# Your objective
Reproduce exactly the lines from the line containing "Some of the text" through the end of the records below, including both ends, and nothing else.

# Stored data entries
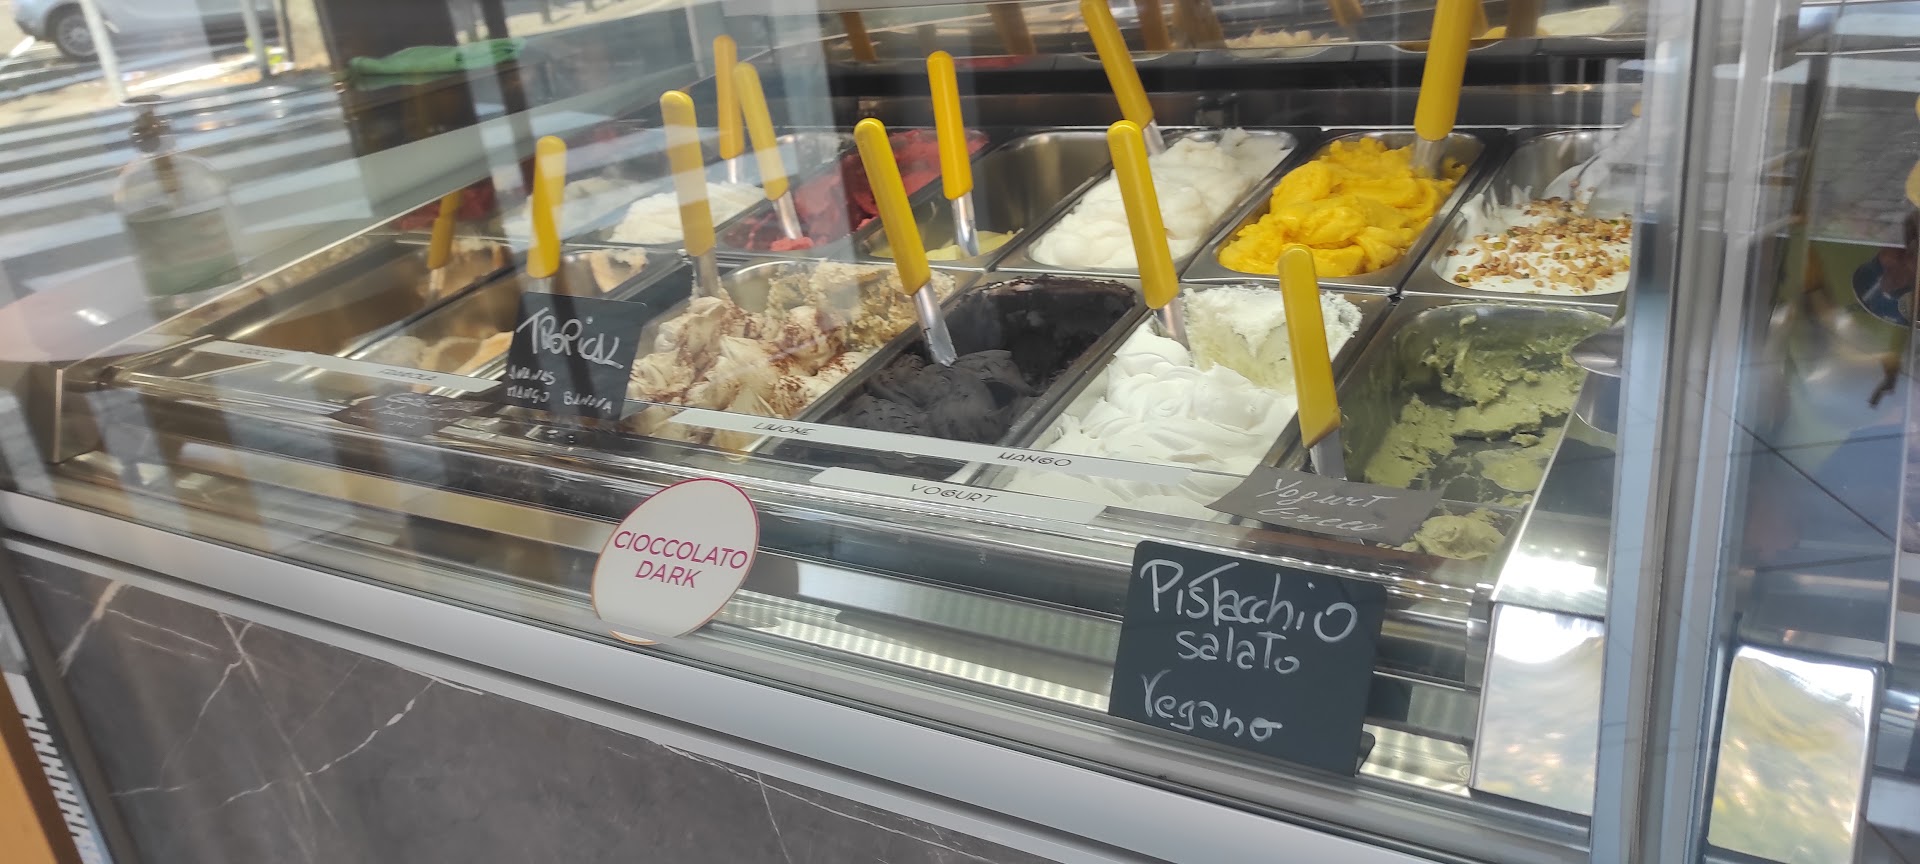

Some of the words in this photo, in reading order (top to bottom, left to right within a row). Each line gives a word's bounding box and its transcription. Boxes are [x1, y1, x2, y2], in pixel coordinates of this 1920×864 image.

[506, 384, 551, 404] MANGO
[753, 422, 817, 436] LIMONE
[997, 452, 1072, 467] MANGO
[910, 483, 999, 503] YOGURT
[614, 530, 748, 569] CIOCCOLATO
[634, 560, 703, 589] DARK
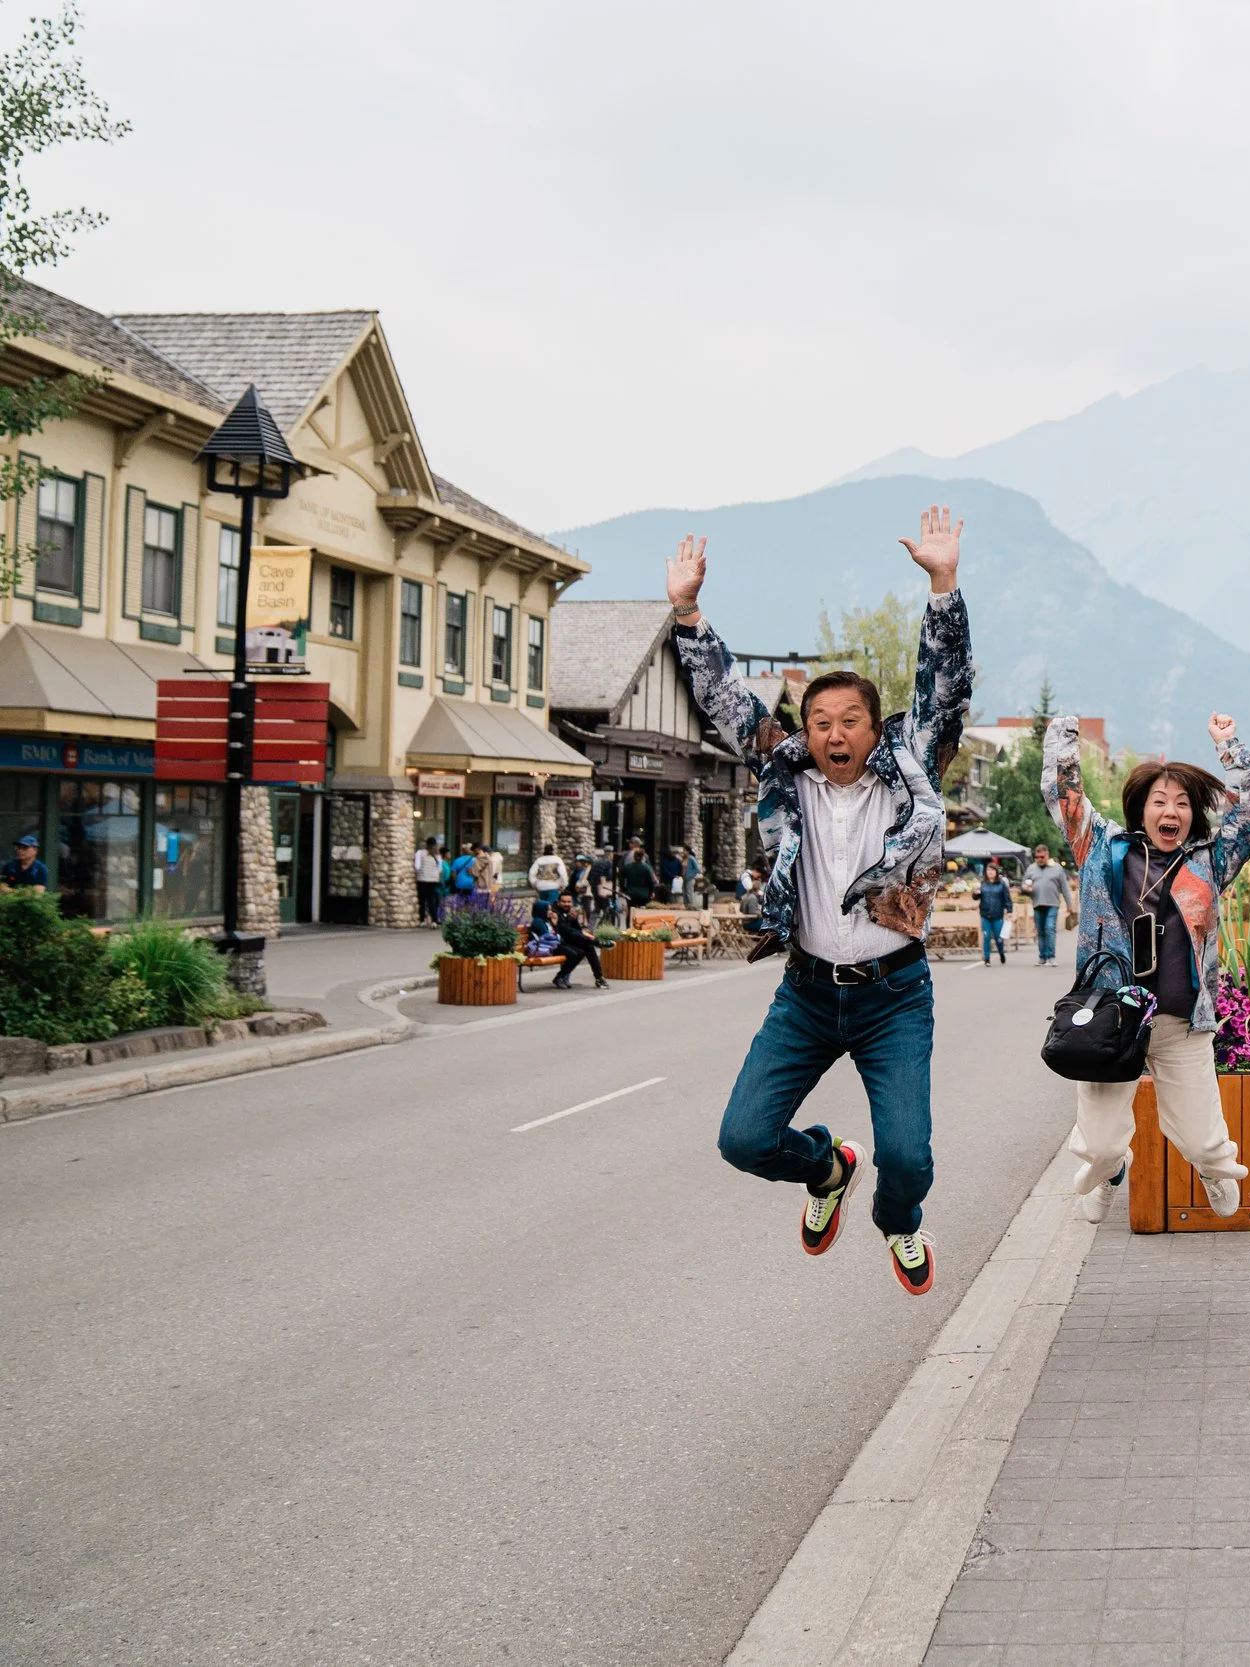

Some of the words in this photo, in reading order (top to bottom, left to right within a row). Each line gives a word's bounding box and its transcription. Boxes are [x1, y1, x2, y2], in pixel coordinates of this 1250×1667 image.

[259, 565, 295, 578] Cave
[258, 580, 285, 592] and
[257, 594, 295, 608] Basin
[21, 744, 57, 761] BMO
[83, 749, 116, 765] Bank
[117, 752, 129, 766] of
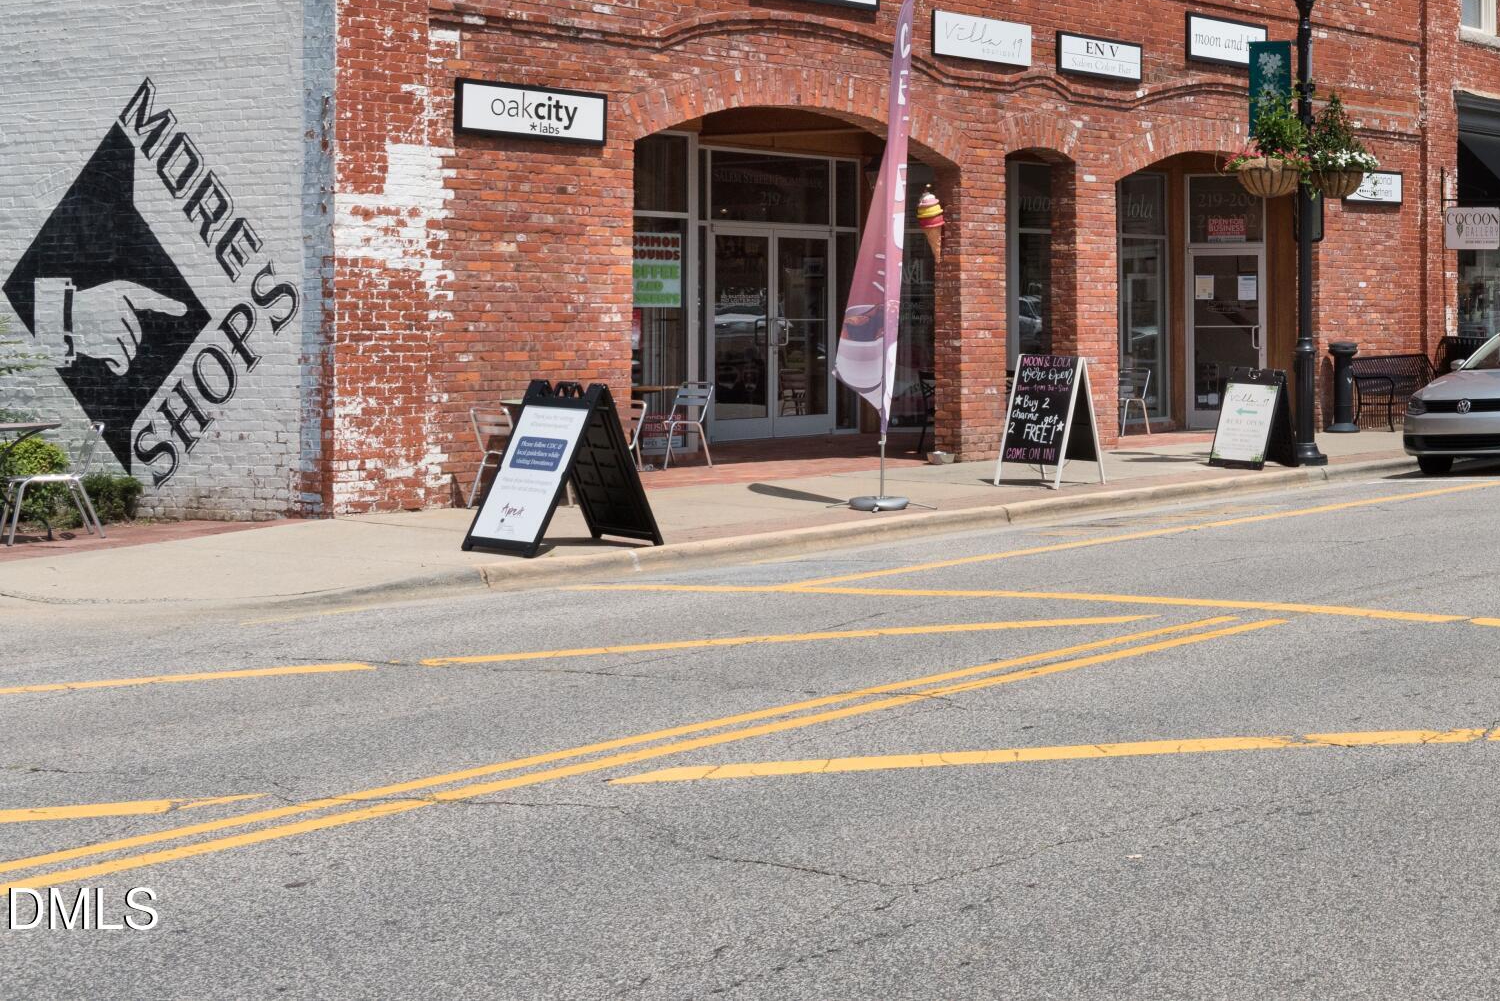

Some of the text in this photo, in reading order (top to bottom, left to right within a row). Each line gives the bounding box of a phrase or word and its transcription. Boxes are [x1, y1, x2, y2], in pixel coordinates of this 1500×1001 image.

[1086, 41, 1120, 58] EN V
[1194, 33, 1221, 48] moon
[1224, 34, 1243, 51] and
[1071, 57, 1132, 75] Salon Color Bar
[118, 76, 263, 283] MORE
[1447, 213, 1499, 225] COCOON
[1465, 226, 1499, 237] GALLERY
[632, 235, 680, 248] OMMON
[632, 249, 680, 260] ROUNDS
[632, 264, 680, 279] OFFEE
[1022, 357, 1044, 367] MOON
[1053, 357, 1071, 367] LOLA
[133, 259, 300, 490] SHOPS
[1023, 394, 1050, 412] Buy 2
[1012, 408, 1059, 426] charms get
[645, 423, 682, 432] BUSISS
[1008, 421, 1056, 445] 2 FREE!
[1006, 447, 1027, 459] COME
[1029, 447, 1041, 460] ON

# Solution to this exercise
Some of the text in this photo, in reading order (top to bottom, left to right within a row). Each line gives the bounding box of a phrase or word and its transcription. Boxes are [x1, y1, x2, y2], in pixel coordinates of this 1500×1001 image.

[1086, 41, 1120, 58] EN V
[1194, 33, 1221, 48] moon
[1224, 34, 1243, 51] and
[1071, 57, 1132, 75] Salon Color Bar
[118, 76, 263, 283] MORE
[1447, 213, 1499, 225] COCOON
[1465, 226, 1499, 237] GALLERY
[632, 235, 680, 248] OMMON
[632, 249, 680, 260] ROUNDS
[632, 264, 680, 279] OFFEE
[1022, 357, 1044, 367] MOON
[1053, 357, 1071, 367] LOLA
[133, 259, 300, 490] SHOPS
[1023, 394, 1050, 412] Buy 2
[1012, 408, 1059, 426] charms get
[645, 423, 682, 432] BUSISS
[1008, 421, 1056, 445] 2 FREE!
[1006, 447, 1027, 459] COME
[1029, 447, 1041, 460] ON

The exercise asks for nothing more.